Supplied entries -
____________________
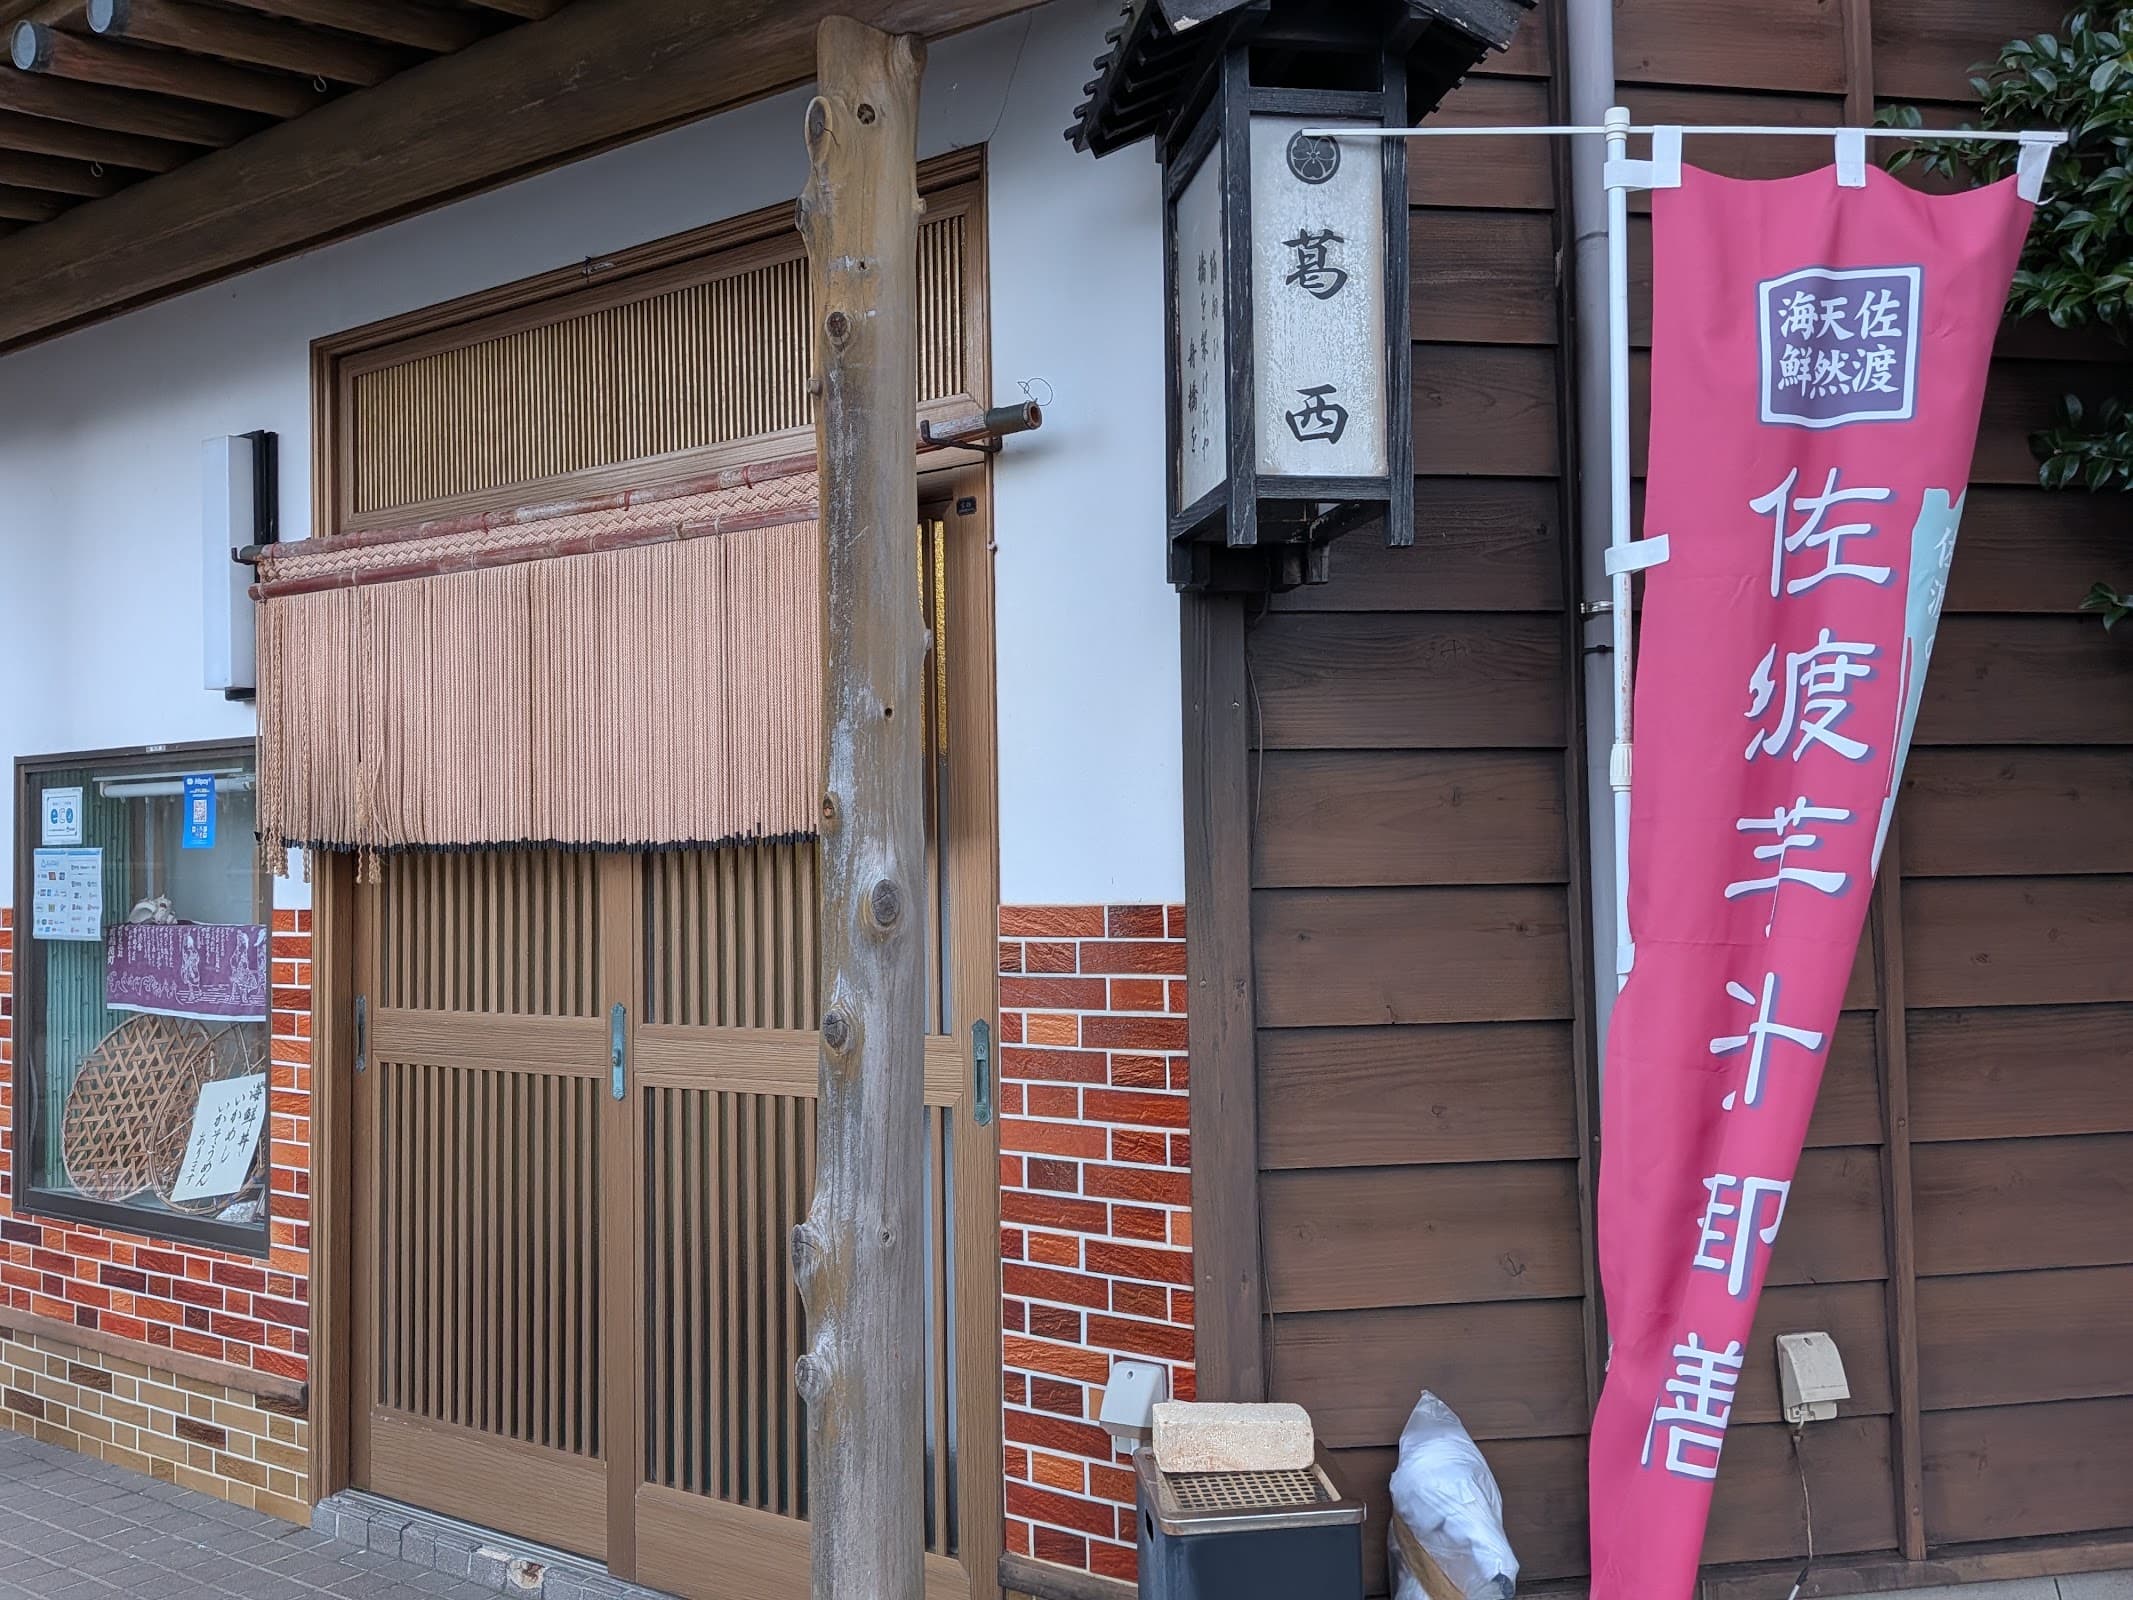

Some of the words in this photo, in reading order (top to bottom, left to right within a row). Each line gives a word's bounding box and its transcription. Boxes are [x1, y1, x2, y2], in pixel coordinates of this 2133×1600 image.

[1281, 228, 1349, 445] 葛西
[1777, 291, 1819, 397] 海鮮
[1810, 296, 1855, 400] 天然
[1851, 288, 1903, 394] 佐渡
____________________
Exercise requirements -
In your answer, set down the full listing word for word and include no pictures.

Written reply -
Some of the words in this photo, in reading order (top to bottom, left to right within a row). Each line gives a word's bounding box and its transcription. Boxes are [x1, y1, x2, y2], in pixel coordinates of this 2133×1600 image.

[1281, 228, 1349, 445] 葛西
[1777, 291, 1819, 397] 海鮮
[1810, 296, 1855, 400] 天然
[1851, 288, 1903, 394] 佐渡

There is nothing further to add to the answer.